Stop allowing Wal-Mart versions of public schools by Bryan Mann

 

Creative commons image by Flickr user WT Librarian
Creative commons image by Flickr user WT Librarian

Shopping at Wal-Mart provides the benefit of low prices, but often at the sacrifice of quality. For example, if one wants to purchase a premier suit or dress, he or she will likely receive higher quality by getting it personally tailored. The same rings true when the quality of fast food is compared to local restaurants. Quality is expensive and often comes when products are personally crafted and closer to home. The argument is especially relevant in the discussions surrounding local versus national control of schooling, specifically in the growing practice of replacing local schools with cyber charter schools.

Cyber charter schools have emerged from a reform climate focused on choice, and although Democrats and Republicans have used the local school argument in various iterations (helpful and subversive) to promote portions of their agenda in the past, both have muted the benefits of local school ideas in promoting choice agendas. Democrats typically have advocated for choice programs, such as charter schools, as a way to provide more schooling options for disadvantaged communities. Republicans have favored charter schools and vouchers because they align with market-based principles. Consequently, many charter school policies have enabled high-enrollment cyber charter schools to sprout, making it so that there are now students who receive the Wal-Mart version of schooling with no party-based political agenda to put an end to the practice.

High-enrollment cyber charter schools—schools that have thousands of students from vast demographic areas—enact ideals found in corporate mass production by utilizing economies of scale to provide academic services to an extensive student population. In turn, the mass-produced version of schooling shortchanges enrolled students because it does not allow them to have organic, daily interaction with teachers and other students. To state it simply, more than a half century of Social Development Theory, built upon the foundations created by Vygotsky, has shown that learning is built upon and enhanced through social processes and needs various manifestations of interaction to be successful. Thus, high-enrollment cyber charter schools are inherently void of some of the interaction needed to enhance learning for young children.

In having a platform not capable of delivering in-person interaction, cyber charter schools miss many of the nuances often overlooked in a well-rounded public education. For example, an eight-year-old student in a cyber charter program may get the knowledge of a math concept from afar, but he or she won’t get a hug, high-five, or pat on the back from the school’s headquarters. There is something to be said for having a teacher look a student in the eye and offer praise for overcoming the obstacles of a difficult home life to achieve high marks on a recent assignment. Personal support can change lives, and there is something mechanic and impersonal in receiving praise via email from a teacher the student hardly knows.

The lack of organic services becomes especially alarming as reports begin to show that cyber charter schools have failed academically, such as in Pennsylvania where not a single cyber charter school met Annual Yearly Progress standards in 2011–2012. A specific example of shortcomings of a high-enrollment cyber charter school is shown through many of the failed schools affiliated with national cyber charter company K12 Inc. The company runs online schools or offers curricula to online schools in various states and trades on the New York Stock Exchange (click here for its current quote). A policy brief from the National Educational Policy Center shows that K12’s schools have had significantly worse test scores and graduation rates than brick-and-mortar schools.

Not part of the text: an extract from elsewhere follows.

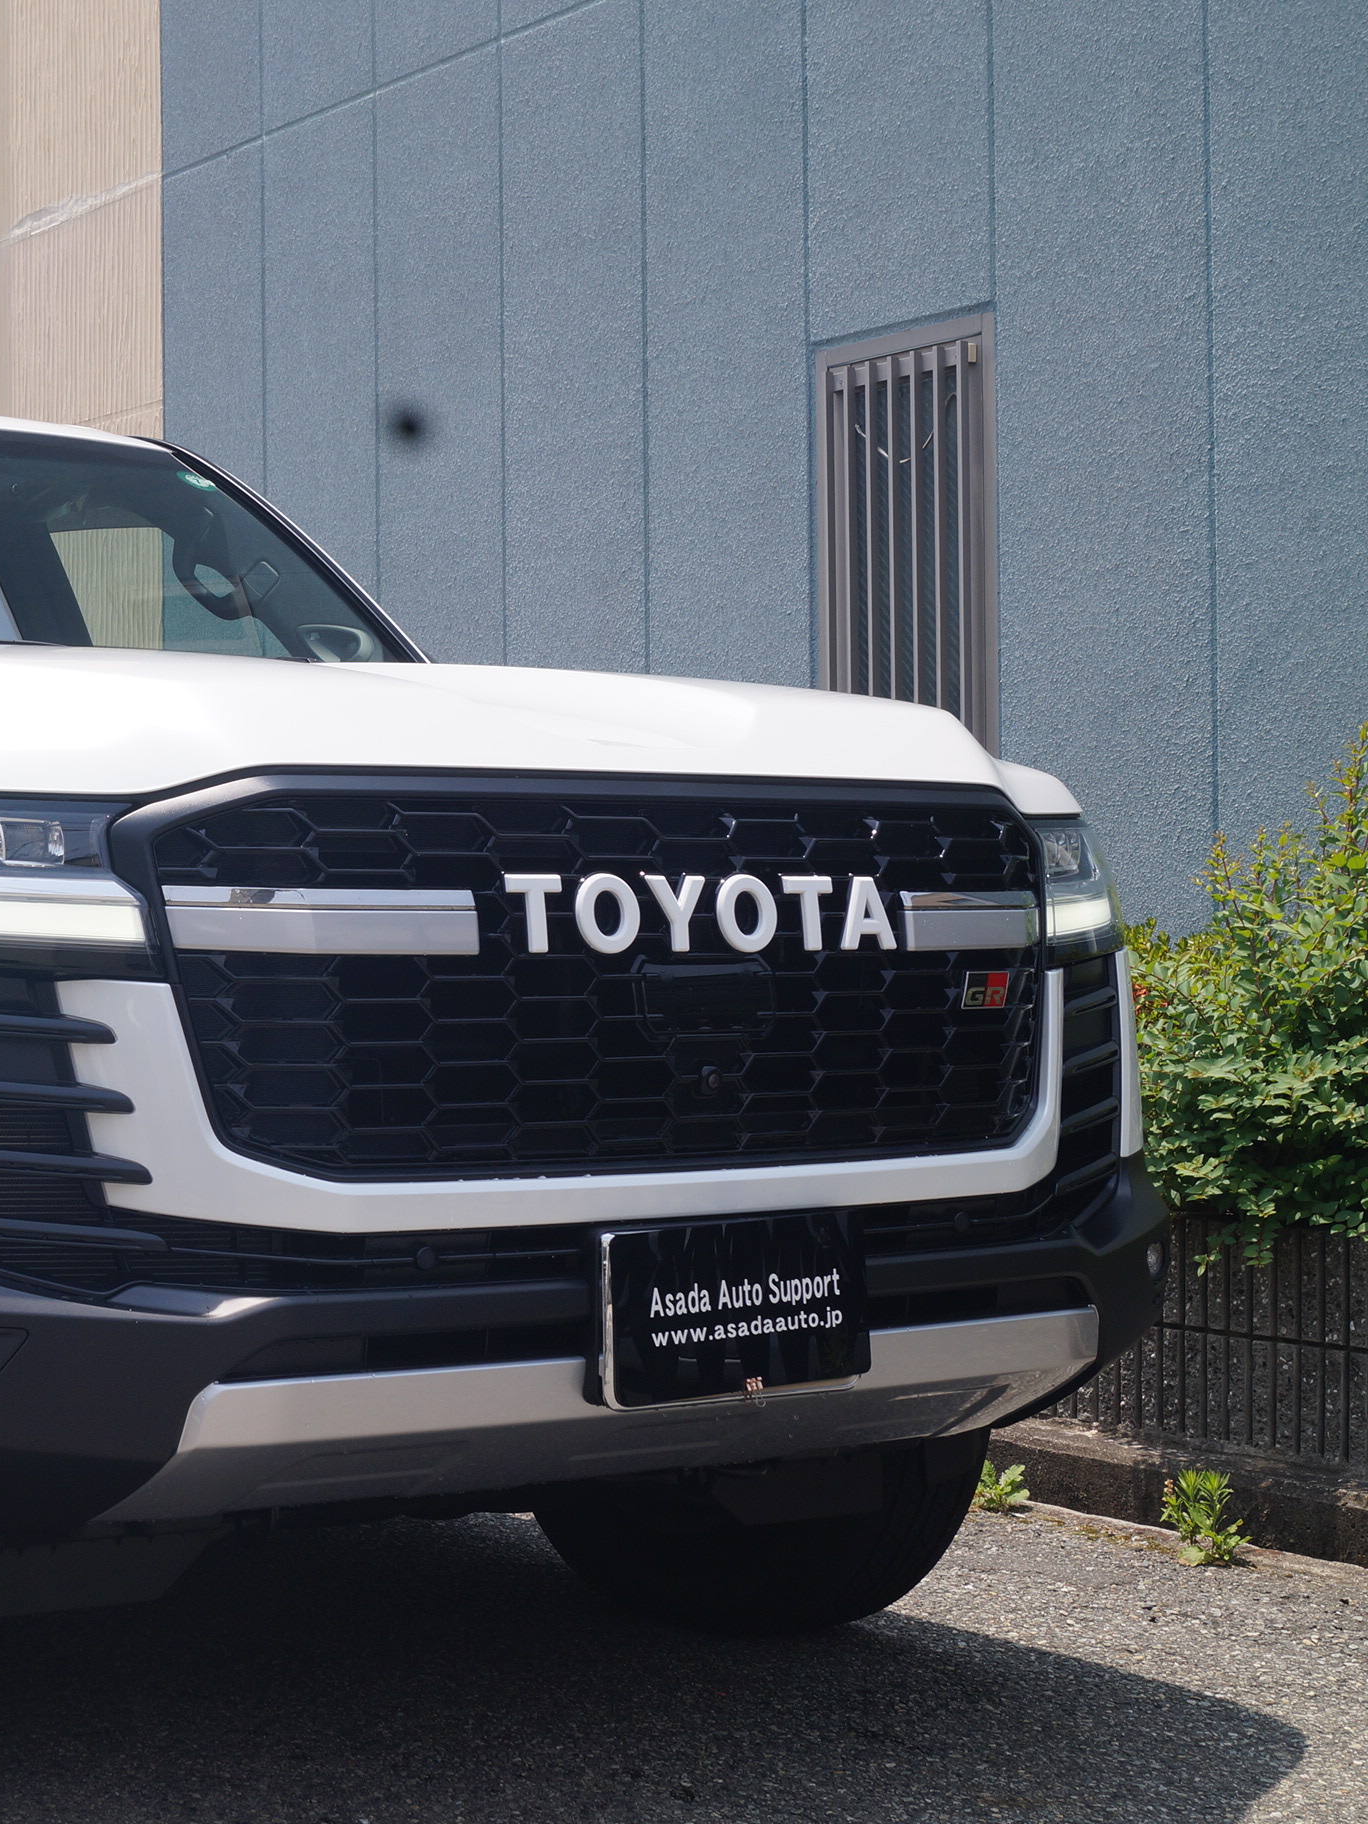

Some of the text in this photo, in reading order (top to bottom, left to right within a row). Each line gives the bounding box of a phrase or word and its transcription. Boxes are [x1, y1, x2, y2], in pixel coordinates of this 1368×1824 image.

A final element that should cause concern about cyber charter schools is that not only do massive cyber schools fail to provide effective services found in quality local public schools, but they also cripple efforts of local public schools to improve. Again using Pennsylvania as an example, the funding formula for charter schools in the Commonwealth dictates that a local district has to pay the per-pupil cost for each one of its students that attends a cyber charter school. This means that school districts in places like Philadelphia have tens of millions of dollars scraped off their budget at times when they try to improve their own practices. These concerns are best expressed in The Notebook’s blog article about cyber charter school reform and in Penn State Professor Ali Carr-Chellman’s TEDxTalk on the issue.

So, while I am not arguing that school choice policies are all bad, I am arguing that a school choice policy needs to end when it allows a remote organization to replace local educational services for children. It hurts both the children going to the remote cyber school and also the children who remain in the local public school system. Lawmakers need to stop high-enrollment cyber charter schools and continue to promote sound public education. If they do not, they are going to allow the admonition of the common cliché to ring true: they will get what they pay for.